◆ Work request:
Nothing in the data should change when you return it, but leave the pictures out.

============

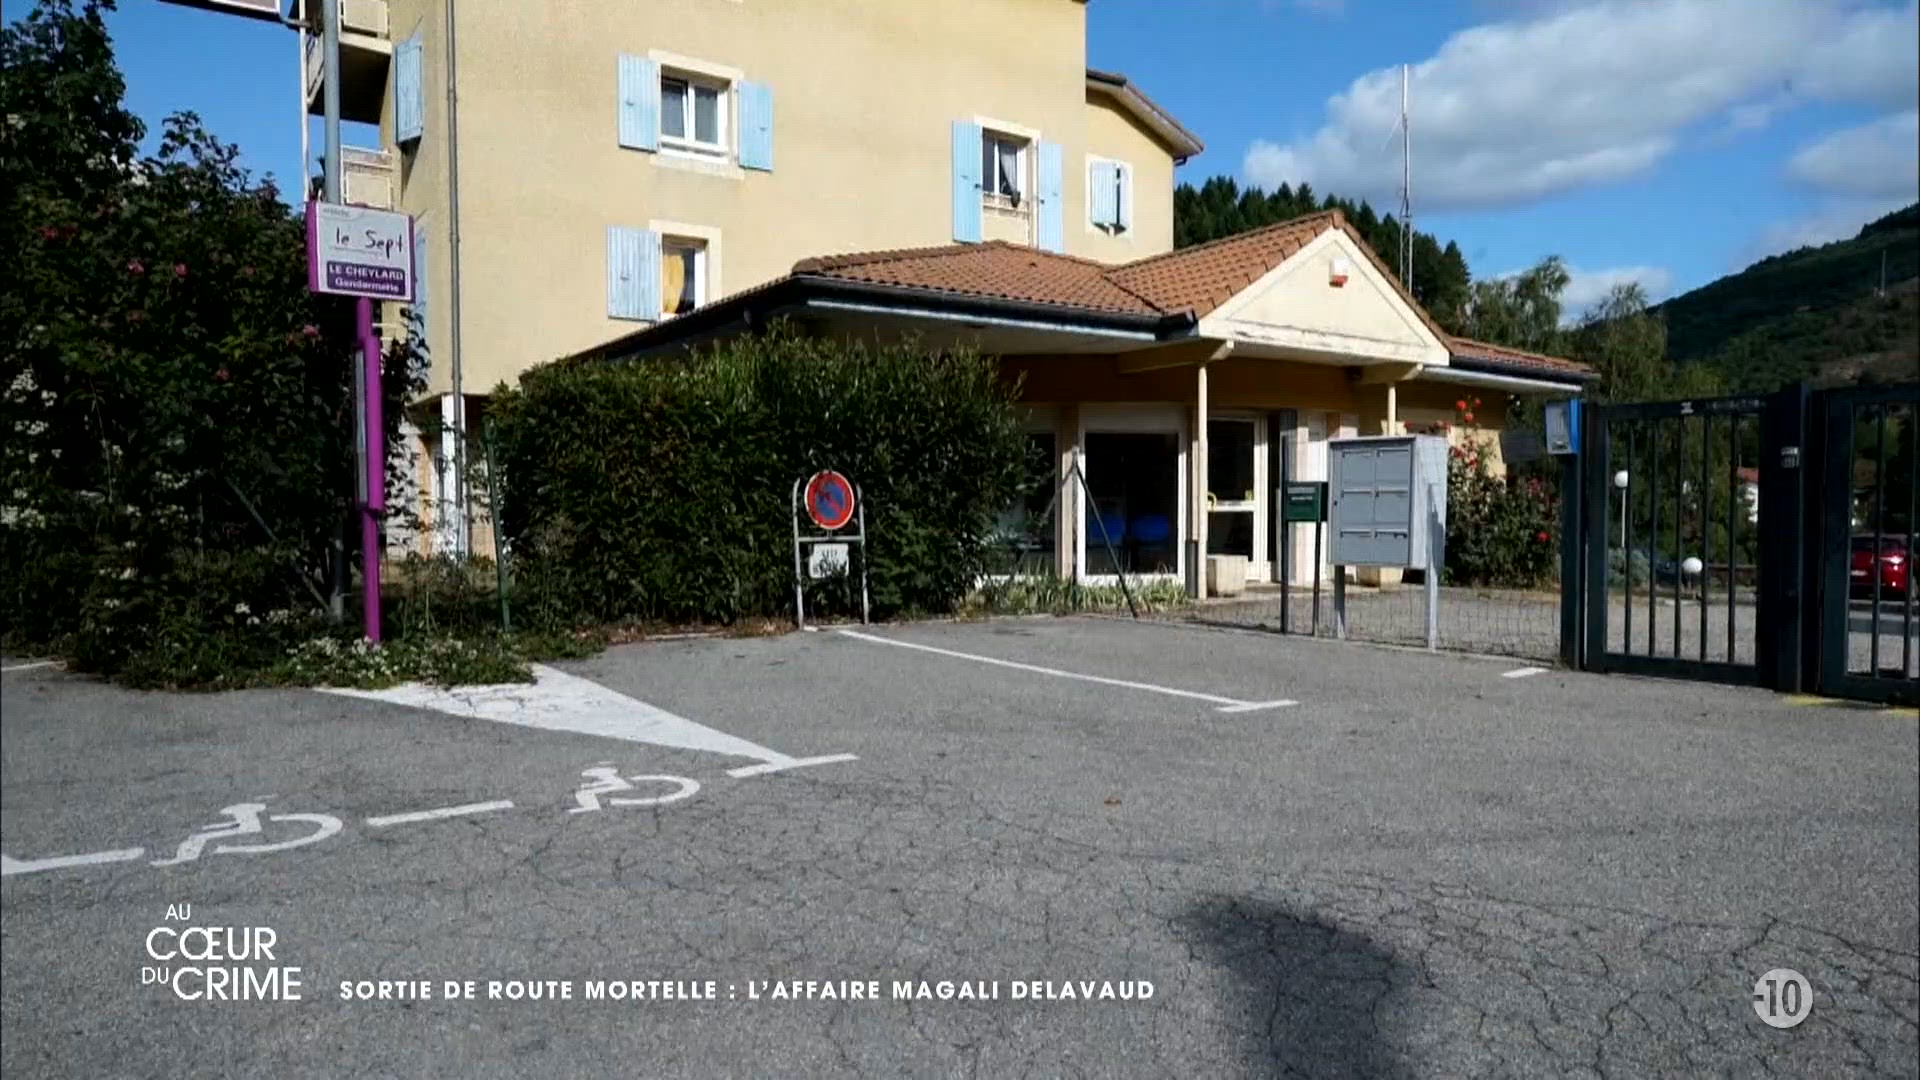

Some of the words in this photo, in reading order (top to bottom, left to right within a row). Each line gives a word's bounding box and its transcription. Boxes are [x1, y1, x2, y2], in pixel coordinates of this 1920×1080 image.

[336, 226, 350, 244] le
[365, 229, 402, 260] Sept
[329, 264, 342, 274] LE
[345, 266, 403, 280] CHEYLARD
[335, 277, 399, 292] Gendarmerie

============

◆ Task answer:
Some of the words in this photo, in reading order (top to bottom, left to right within a row). Each line gives a word's bounding box and its transcription. Boxes are [x1, y1, x2, y2], in pixel coordinates of this 1920×1080 image.

[336, 226, 350, 244] le
[365, 229, 402, 260] Sept
[329, 264, 342, 274] LE
[345, 266, 403, 280] CHEYLARD
[335, 277, 399, 292] Gendarmerie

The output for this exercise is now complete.